The answer is: no. We may have to agree with those
theologians, who think that the alternative for not only
christianity, but also for secular humanism, is not atheism or
plain materialism, but gnosticim that has repeatedly surfaced
over the centuries. According to this view, gnosticism is the
only real rival of christianity (and of so-called secular
humanism). This certainly applies to our time, according to for
example the theologian J.B. Metz, who claims that the incurable
religious animal 'man', substitutes the christian
Gotteskrise and the incertainties it has brought
along for a new Gottesförmigkeit. In other words: by
belief in powers and realities, which have a divine yet immanent
character.
Such a point of view is supported by a remarkable phenomenon.
Not so long ago we were able to see - literally 'see', because it
was on television -, that the ideology of 'The Course', converted
into psychological advice is least of all the business of a small
scholarly or intellectual elite. On the contrary, the central
ideas of 'The Course' turn out to work very well for masses of
people who psychologically and existentially wrestle with the
unsatisfactory and disturbing aspects of modern life, and who
doesnt? This is about Marianne Williamson, author of
A Return to Love, mega-star in the area of
spirituality and the new way of thinking. A Return to
Love is a practical psychological handbook entirely based
on the principles of 'The Course'. In 1992, it was on top of the
non-fiction bestsellers-list of the United States for no less
than seventeen weeks. Williamson herself appeared in that year
twice on the Oprah Winfrey Show, the first time even a whole
hour. And Oprah loved it! She told the viewers that she had
purchased a thousand copies of the book to give to friends and
staff members (and after the hamburger case everybody knows what
kind of effect her opinion about something can have). Meanwhile
the book has been translated into many languages, among others
into Dutch by the publishing company De zaak.
The book describes situations and problems that are
recognizable to many people. In many ways Willamsons own
life is exemplary for a specific sort of Western problem area.

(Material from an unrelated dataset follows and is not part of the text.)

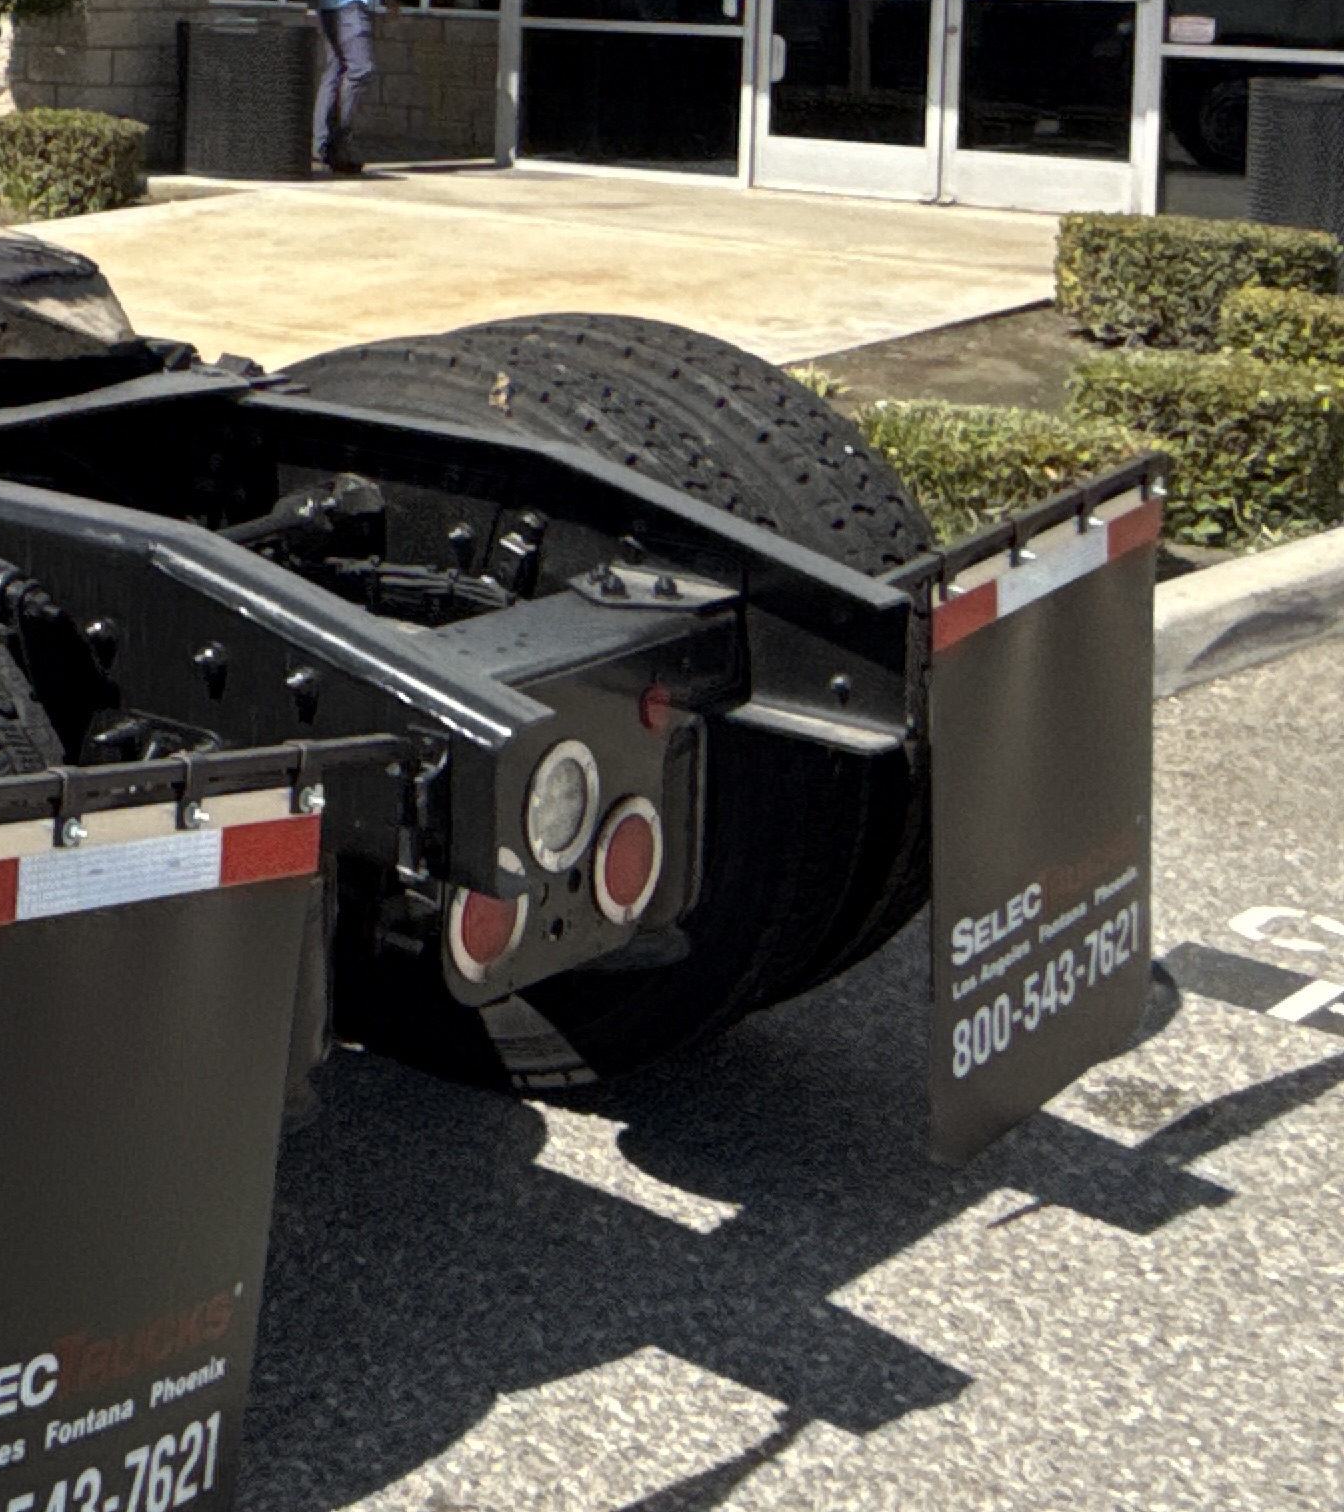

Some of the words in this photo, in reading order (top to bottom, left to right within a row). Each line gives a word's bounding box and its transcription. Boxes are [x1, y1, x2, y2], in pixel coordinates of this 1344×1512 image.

Being young, attractive and academically educated, she went
through an almost classic development. She joined the student
protests, had a series of relationships, jobs and houses, but
never had to face any financial difficulties. She was always in
the circumstances in which she didnt have to worry about
shortages or disease, let alone about poverty. However, she
became more and more insecure and perturbed and she gradually
became aware of an existential boredom within herself. She tried
to calm this restlessness with overeating, drugs and more
relationships, but nothing seemed to work. And that while
everything really had to be o.k.! But that wasnt all. She
began to be disgusted by herself, but after a while this disgust
swung, as it were, to the world: according to her something was
fundamentally wrong with a world in which people have to suffer
and die. That is when the way of thinking of 'The Course' came
into the picture, because she began to discover that the problem
lay really within herself and by that in the inner world of her
own generation.4 Our generation, she expresses aptly,
is scared to death. The argumentation is: once we were perfect,
we lived in a world full of magic, which we have forgotten. We
have been surpressing our inner self with our so-called common
sense, which presupposes violence, because it creates a world in
which everyone fights anyone to survive. For all our fears, for
ourselves, for others and even for death and meaninglessness
there is really only one solution: we have to learn to recognize
that there is only one true, real and universal power. Until we
realize this, so when we only have faith in goodness and in love,
only then can we return to our potential of love; the only truly
existing potential. This suggests that we can and have to change
ourselves, our way of thinking and perception. Only then can we
change ourselves and the world around us. From these basic
principles she then shows how in practical situations, especially
in the field of relationships, we can get rid of nightmares and
the hallucinations we create ourselves, in order to live a truly
meaningful life.
These opinions are typical for some kind of talkshows - Oprah
Winfrey kept repeating it: We have forgotten who we are - that
have a gnostic, or if you want, a new-religious background. It is
most of all the at first sight total condamnation of 'the' world
and the message that everything can get better by changing your
attitude. No, the gnosticism of 'The Course' is not out of our
reach, it does not remain in the abstract theories of scholars.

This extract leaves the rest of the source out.